◆ Exercise directions
Wherever a picture appears in the listing below, leave it out and reproduce the rest exactly.

(Beginning of Data under study)

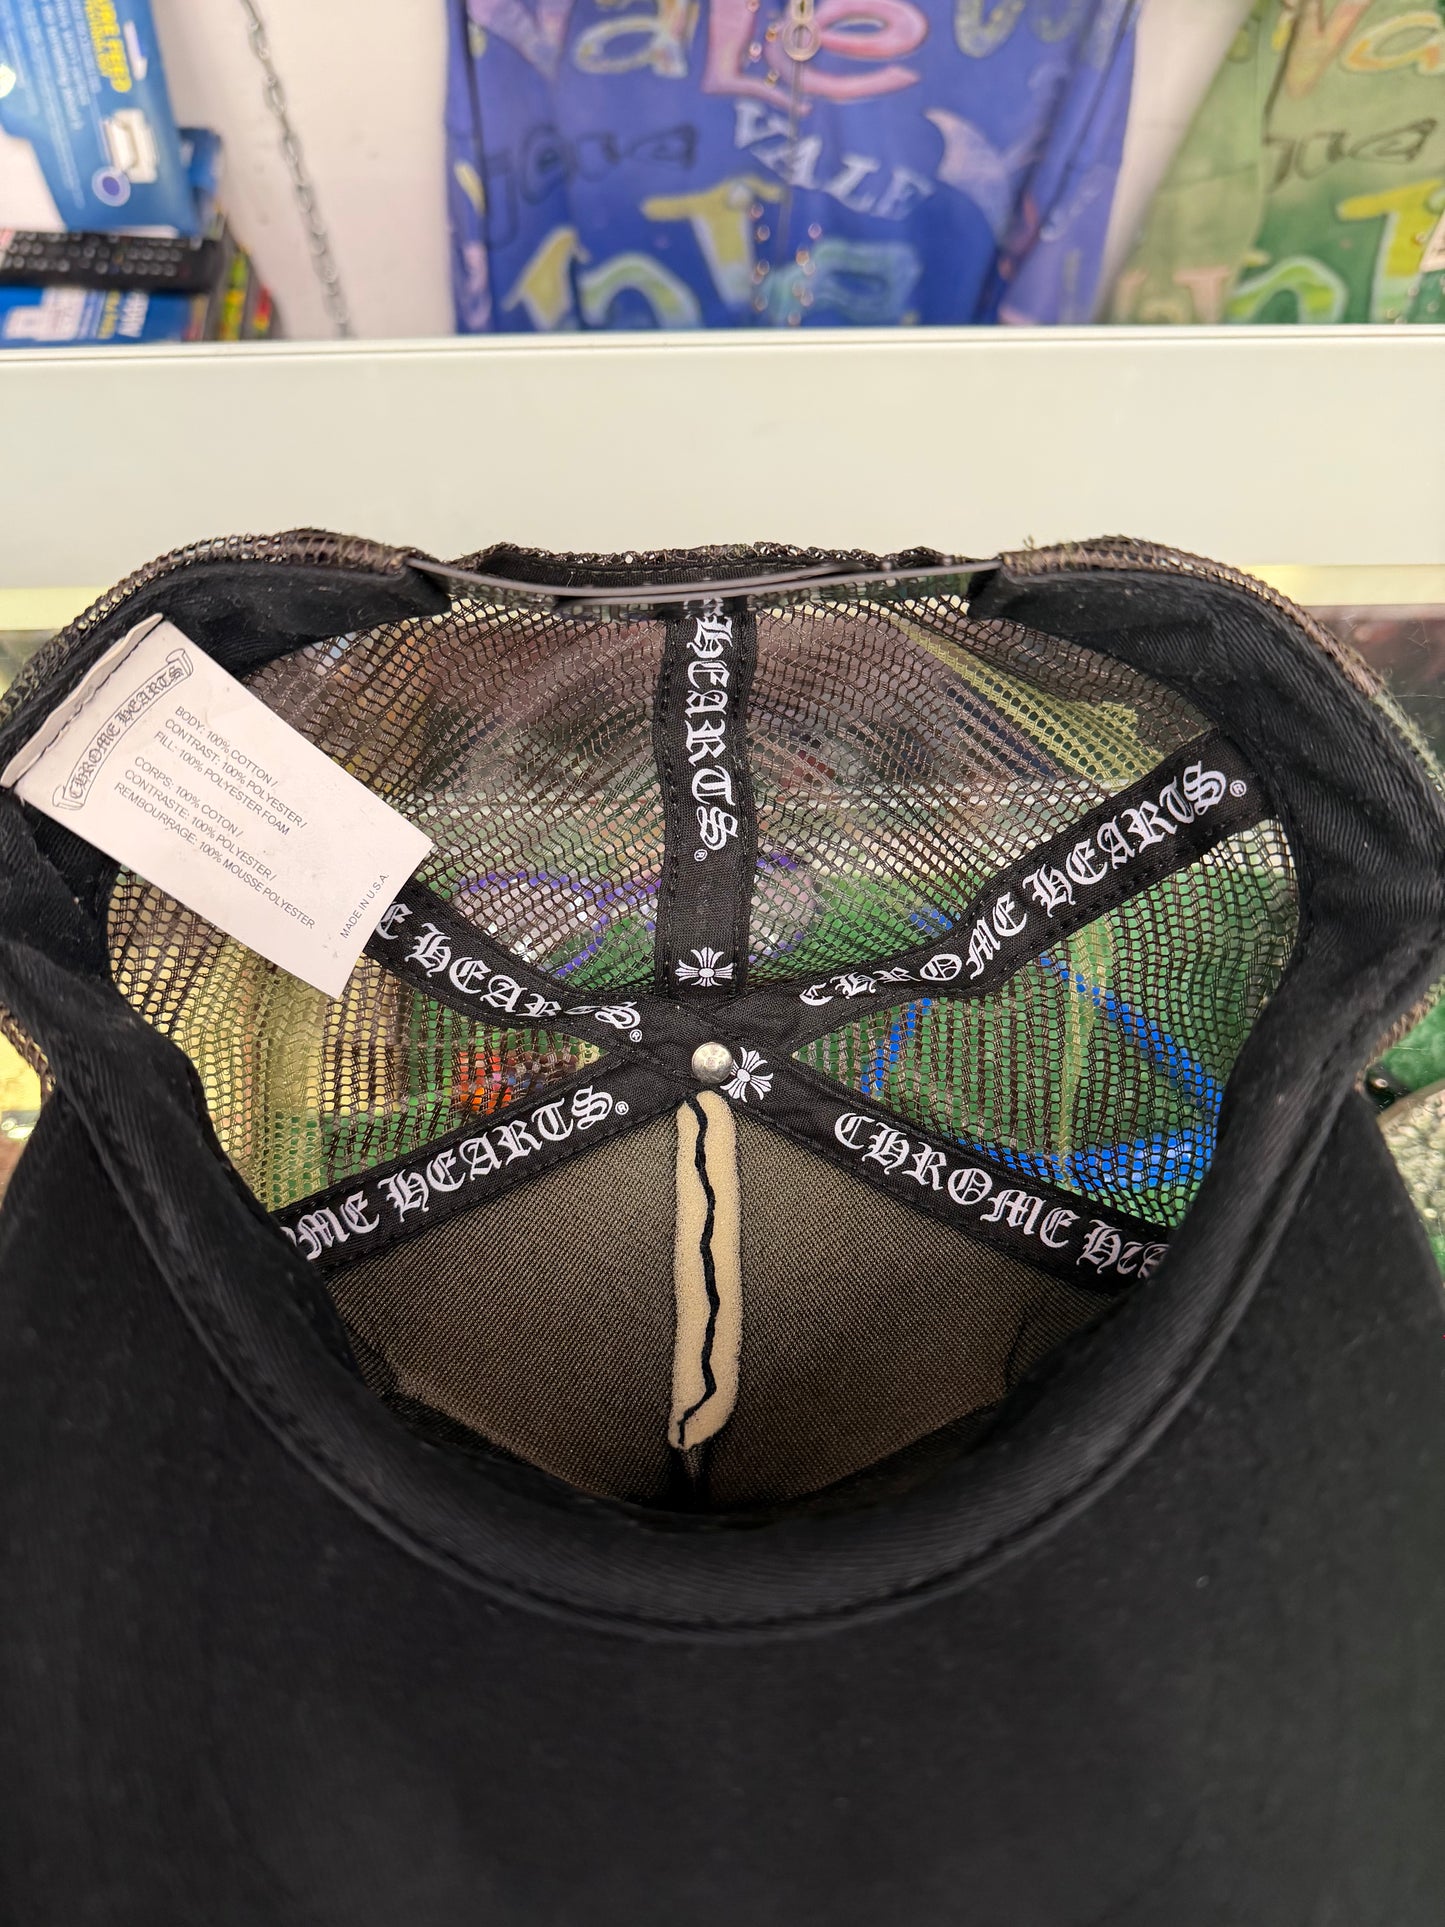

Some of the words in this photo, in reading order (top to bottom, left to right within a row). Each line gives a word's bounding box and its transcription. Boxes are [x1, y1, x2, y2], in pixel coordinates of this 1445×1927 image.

[69, 722, 121, 800] CHROME
[114, 665, 184, 727] HEARTS
[153, 730, 178, 752] FILL:
[179, 749, 204, 773] 100%
[203, 768, 262, 815] POLYESTER
[261, 810, 290, 836] FOAM
[165, 718, 220, 765] CONTRAST:
[222, 761, 247, 785] 100%
[246, 780, 302, 826] POLYESTER
[175, 705, 205, 734] BODY:
[206, 730, 230, 754] 100%
[230, 749, 273, 784] COTTON
[125, 769, 190, 820] CONTRASTE:
[191, 816, 216, 839] 100%
[215, 834, 272, 879] POLYESTER
[134, 756, 174, 789] CORPS:
[176, 785, 201, 809] 100%
[201, 804, 238, 835] COTON
[114, 782, 198, 845] REMBOURRAGE:
[199, 841, 223, 863] 100%
[222, 858, 264, 893] MOUSSE
[262, 887, 316, 929] POLYESTER
[340, 909, 362, 939] MADE
[358, 898, 370, 911] IN
[366, 874, 390, 899] U.S.A.
[799, 891, 1028, 1007] CHROME
[834, 1112, 1081, 1251] CHROME
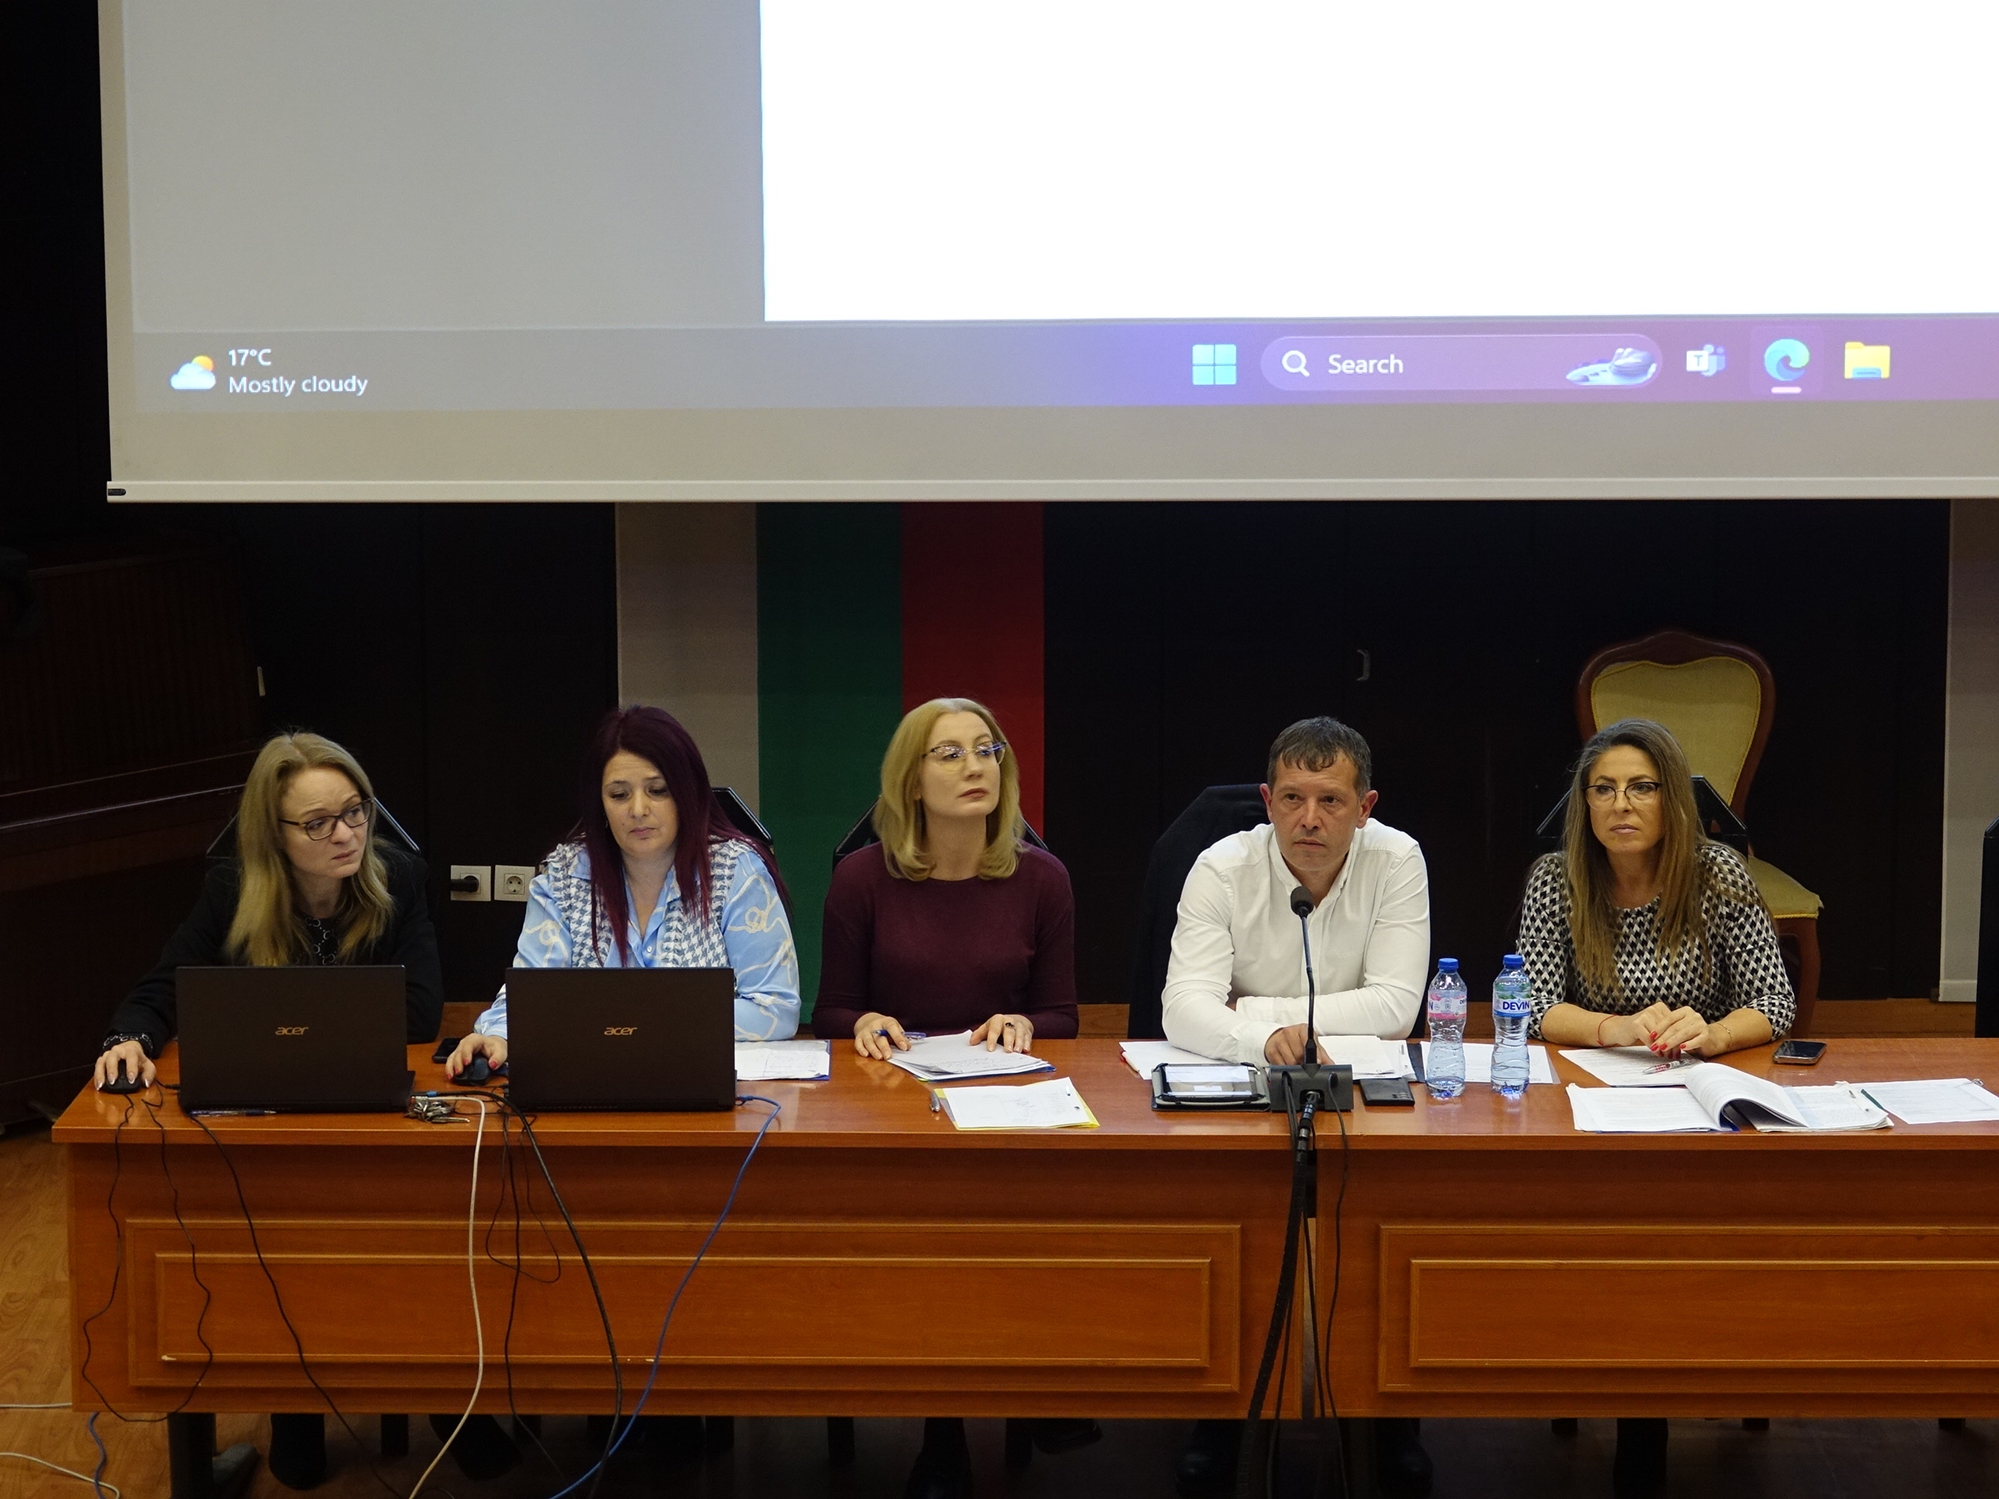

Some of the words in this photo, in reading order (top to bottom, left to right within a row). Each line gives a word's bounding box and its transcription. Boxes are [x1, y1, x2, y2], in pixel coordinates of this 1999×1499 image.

(End of Data under study)

◆ Reply to the task
Some of the words in this photo, in reading order (top to bottom, left to right within a row). Each line gives a word's bounding box and its transcription. Boxes are [x1, y1, x2, y2], in pixel coordinates of this 1445×1927 image.

[69, 722, 121, 800] CHROME
[114, 665, 184, 727] HEARTS
[153, 730, 178, 752] FILL:
[179, 749, 204, 773] 100%
[203, 768, 262, 815] POLYESTER
[261, 810, 290, 836] FOAM
[165, 718, 220, 765] CONTRAST:
[222, 761, 247, 785] 100%
[246, 780, 302, 826] POLYESTER
[175, 705, 205, 734] BODY:
[206, 730, 230, 754] 100%
[230, 749, 273, 784] COTTON
[125, 769, 190, 820] CONTRASTE:
[191, 816, 216, 839] 100%
[215, 834, 272, 879] POLYESTER
[134, 756, 174, 789] CORPS:
[176, 785, 201, 809] 100%
[201, 804, 238, 835] COTON
[114, 782, 198, 845] REMBOURRAGE:
[199, 841, 223, 863] 100%
[222, 858, 264, 893] MOUSSE
[262, 887, 316, 929] POLYESTER
[340, 909, 362, 939] MADE
[358, 898, 370, 911] IN
[366, 874, 390, 899] U.S.A.
[799, 891, 1028, 1007] CHROME
[834, 1112, 1081, 1251] CHROME

Some of the words in this photo, in reading order (top to bottom, left to right within a row). Each line gives a word's bounding box and its transcription. Boxes are [x1, y1, x2, y2], in pixel coordinates of this 1999×1499 image.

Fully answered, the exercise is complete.